EM QUEM VOCÊ CONFIA MAIS?

Desde que nascemos e ao longo de toda a vida aprendemos que a confiança nos ajuda. Precisamos, primeiro, confiar nos nossos pais, que nos dão o suporte para a vida, educando-nos e nos preparando para o futur. Depois, precisamos confiar nos nossos mestres, que nos ensinam o que precisamos para seguir adiante, enfrentando o trabalho. Mais tarde, aprendemos a confiar a quem a nós se juntou, transformando-se em parceira e fazendo com que também nos transformemos em família, reiniciando o ciclo de confiança. E, por fim, acabamos por confiar nos amigos que fazemos ao longo da vida e que, em muitos momentos, são o suporte que encontramos.

Estes são apenas alguns dos aspectos da confiança, do que estabelecemos em relação a quem está ao lado ou próximo de nós. Mas saindo do ambiente familiar e de amigos, em quem você mais confia? Existe, no seu entender, alguma profissão que seja mais confiável do que a outra? Dá para, por exemplo, confiar mais em um médico do que em um policial? É possível confiar em quem nos orienta espiritualmente? De uma outra forma, estas perguntas foram colocadas para a população do Espírito Santo por um dos mais conceituados institutos de pesquisas capixabas. O resultado, no final – e pelo meu ponto de vista – é bastante surpreendente.

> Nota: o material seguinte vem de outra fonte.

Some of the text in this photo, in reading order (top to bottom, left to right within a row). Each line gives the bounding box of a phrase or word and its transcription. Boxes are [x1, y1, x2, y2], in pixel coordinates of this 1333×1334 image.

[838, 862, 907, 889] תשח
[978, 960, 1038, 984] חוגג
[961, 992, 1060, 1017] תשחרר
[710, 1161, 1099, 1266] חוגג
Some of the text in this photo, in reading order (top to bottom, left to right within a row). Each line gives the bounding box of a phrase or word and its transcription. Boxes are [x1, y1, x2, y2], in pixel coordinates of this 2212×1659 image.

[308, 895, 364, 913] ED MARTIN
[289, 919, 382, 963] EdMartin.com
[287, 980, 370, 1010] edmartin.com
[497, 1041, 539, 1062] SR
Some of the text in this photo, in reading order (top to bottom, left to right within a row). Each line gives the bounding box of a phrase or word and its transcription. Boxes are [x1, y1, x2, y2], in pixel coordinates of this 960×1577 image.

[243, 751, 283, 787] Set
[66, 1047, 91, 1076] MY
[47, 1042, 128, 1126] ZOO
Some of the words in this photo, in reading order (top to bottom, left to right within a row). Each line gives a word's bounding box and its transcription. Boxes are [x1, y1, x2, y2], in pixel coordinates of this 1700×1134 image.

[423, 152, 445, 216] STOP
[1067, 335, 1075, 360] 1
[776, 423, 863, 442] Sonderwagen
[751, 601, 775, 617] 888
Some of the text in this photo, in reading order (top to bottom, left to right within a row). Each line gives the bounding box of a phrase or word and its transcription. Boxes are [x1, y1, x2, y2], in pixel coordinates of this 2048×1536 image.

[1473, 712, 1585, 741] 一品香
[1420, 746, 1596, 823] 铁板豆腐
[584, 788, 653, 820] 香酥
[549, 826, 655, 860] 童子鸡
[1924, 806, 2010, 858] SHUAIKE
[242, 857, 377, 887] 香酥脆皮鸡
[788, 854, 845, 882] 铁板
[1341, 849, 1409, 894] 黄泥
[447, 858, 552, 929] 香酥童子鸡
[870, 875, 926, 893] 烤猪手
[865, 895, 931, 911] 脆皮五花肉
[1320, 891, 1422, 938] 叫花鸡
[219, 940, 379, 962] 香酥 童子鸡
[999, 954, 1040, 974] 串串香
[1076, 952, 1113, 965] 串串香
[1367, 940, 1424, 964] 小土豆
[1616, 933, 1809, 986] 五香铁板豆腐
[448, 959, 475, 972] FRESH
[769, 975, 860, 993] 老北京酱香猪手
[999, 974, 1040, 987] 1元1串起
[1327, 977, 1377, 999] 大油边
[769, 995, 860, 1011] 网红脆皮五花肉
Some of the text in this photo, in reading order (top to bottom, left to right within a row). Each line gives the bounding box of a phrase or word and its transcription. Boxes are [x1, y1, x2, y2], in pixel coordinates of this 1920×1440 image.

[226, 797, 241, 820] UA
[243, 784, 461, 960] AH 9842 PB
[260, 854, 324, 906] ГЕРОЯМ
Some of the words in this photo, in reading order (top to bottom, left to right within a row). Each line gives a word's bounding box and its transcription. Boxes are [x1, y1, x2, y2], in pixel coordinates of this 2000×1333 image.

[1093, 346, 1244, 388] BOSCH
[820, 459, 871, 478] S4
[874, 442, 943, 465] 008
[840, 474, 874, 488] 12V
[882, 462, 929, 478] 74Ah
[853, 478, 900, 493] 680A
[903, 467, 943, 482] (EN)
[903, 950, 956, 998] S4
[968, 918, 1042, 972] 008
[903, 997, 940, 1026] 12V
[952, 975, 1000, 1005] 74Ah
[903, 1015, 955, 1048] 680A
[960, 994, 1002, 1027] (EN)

Vamos, primeiro, aos resultados sobre a confiança. De acordo com os capixabas – e não acredito que seja muito diferente no Brasil – o profissional mais confiável é o bombeiro. Os bombeiros estão no topo da lista da confiança, adiante dos carteiros, que são os segundos colocados, e dos professores, que vem em terceiro. O quinto lugar são dos engenheiros e o sexto, dos jornalistas. Estes, talvez, pelo exercício do poder de informação, essencial à democracia, e que nos últimos tempos no Brasil tem se virado muito em direção aos problemas do Estado e seus reflexos no cidadão. O jornalismo denúncia, que fica ao lado do cidadão, parece ter ampliado a credibilidade da profissão.

E do lado negativo, aqueles em que se confiam menos. Advinha quem é o campeão absoluto? Sim, isso mesmo, o político. Nunca neste país, como diria um conhecido nosso, alguém foi tão desacreditado quanto um político, ao ponto de ser chamado de político ser quase um insulto. O resultado não me surpreendeu, mas como já disse aqui, o político é o reflexo do cidadão, pois afinal somos nós os responsáveis por ocuparem os postos que ocupam. O segundo profissional menos acreditado é o policial. Inevitavelmente, isto é o reflexo dos tempos de violência em que vivemos, atribuindo-se à Polícia e a quem a integra a responsabilidade por ela.

O terceiro lugar é dos advogados, que ainda tem menor credibilidade que os juízes de Direito, que ganham dos economistas. Achei interessante a colocação dos economistas, afinal, em uma economia estabilizada, como a que vivemos, suas advinhações já não causam tantos problemas como antes. O que me surpreendeu, em relação ao lado negativo, foram os últimos colocados na área de confiança, exatamente os padres e pastores. Como mais de 90% dos brasileiros afirmam professar uma religião, qual seria a explicação para esta desconfiança? Não quero entrar no mérito, mas os líderes espirituais já foram bem mais acreditados, não?

A pesquisa, como viram, limitou-se a alguma profissões, não abrindo assim tanto o leque. Mas as conclusões podem nos levar à indagação de como anda a confiança do brasileiro no seu próximo, no profissional que está do seu lado, no líder político que o representa ou no policial que deveria defendê-lo. Será que estes níveis de confiança e desconfiança acontecem em relação a outros segmentos? Não dá para especular, pois a pesquisa não diz. Cabe, no entanto, a pergunta: em quem você confia mais? Me diga, eu gostaria de saber!.